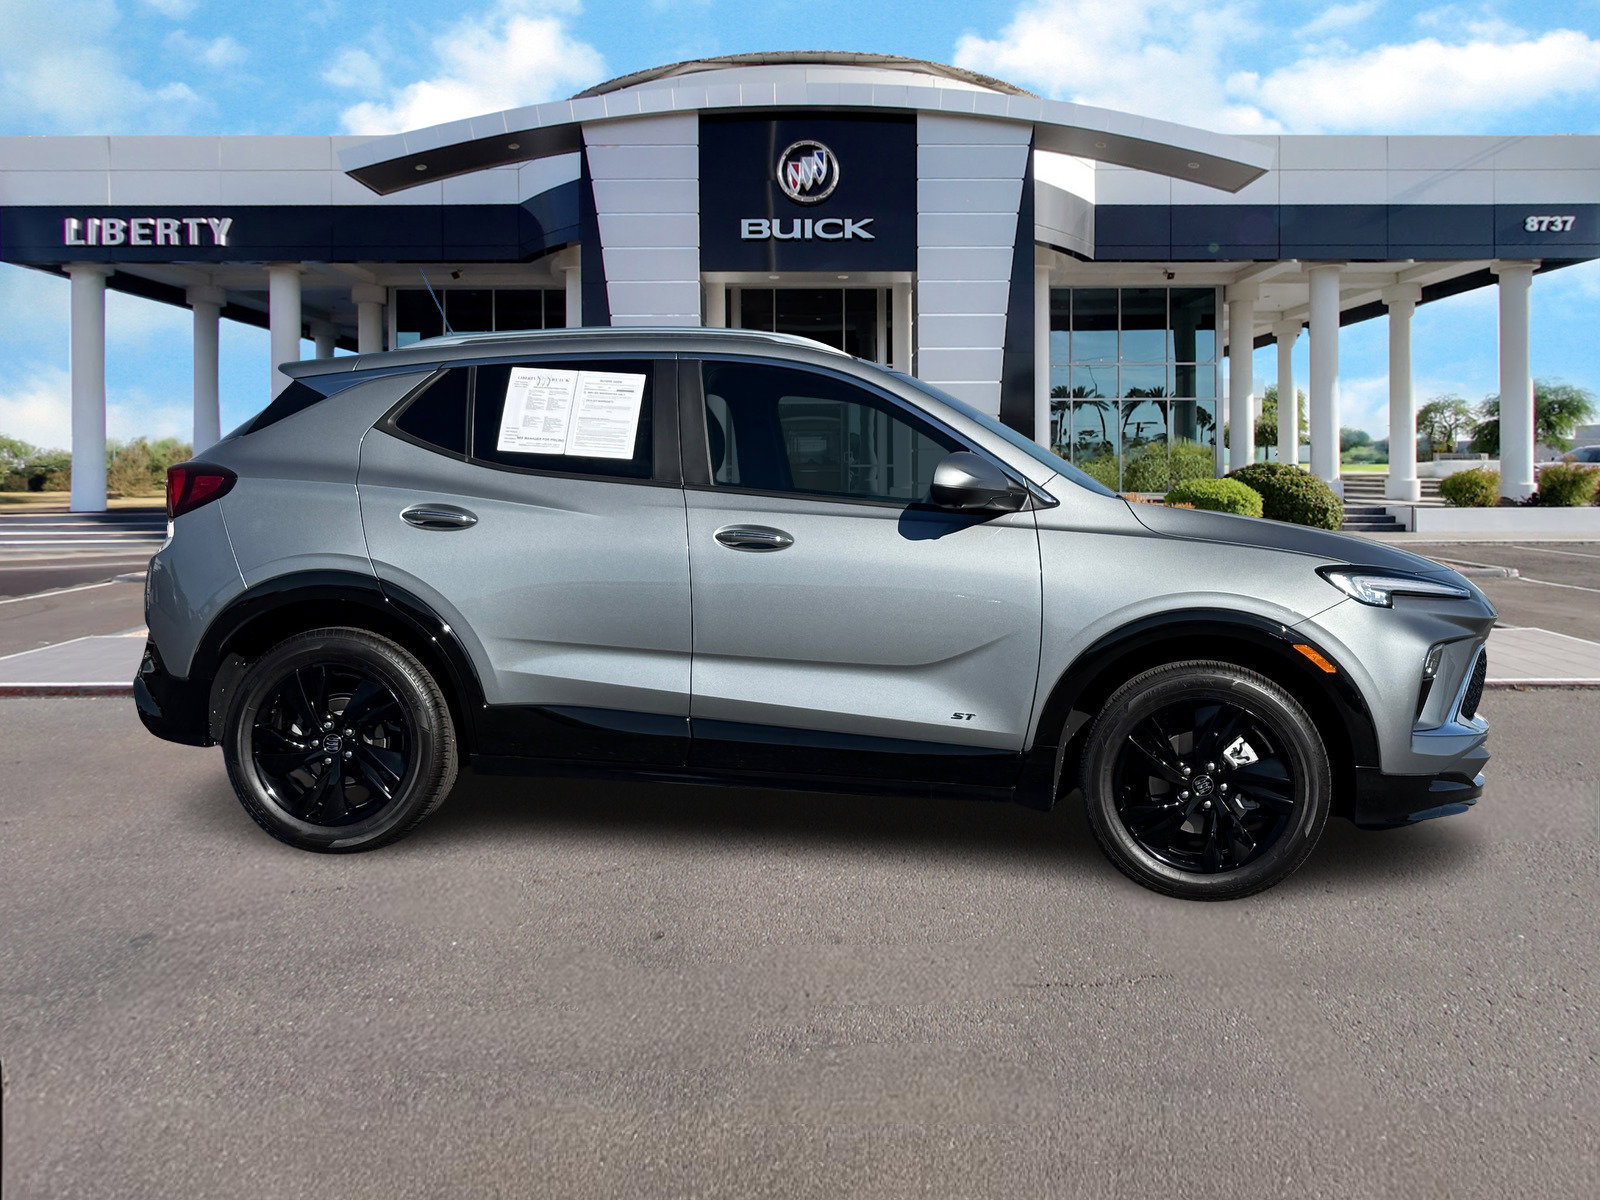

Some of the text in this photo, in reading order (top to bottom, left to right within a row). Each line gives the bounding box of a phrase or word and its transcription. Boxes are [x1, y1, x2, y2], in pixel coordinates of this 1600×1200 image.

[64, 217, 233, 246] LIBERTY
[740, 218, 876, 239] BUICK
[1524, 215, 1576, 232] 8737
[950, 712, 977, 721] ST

**What to do**
Return the whole listing exactly, minus its pictures.

**Answer to the exercise**
Some of the text in this photo, in reading order (top to bottom, left to right within a row). Each line gives the bounding box of a phrase or word and its transcription. Boxes are [x1, y1, x2, y2], in pixel coordinates of this 1600×1200 image.

[64, 217, 233, 246] LIBERTY
[740, 218, 876, 239] BUICK
[1524, 215, 1576, 232] 8737
[950, 712, 977, 721] ST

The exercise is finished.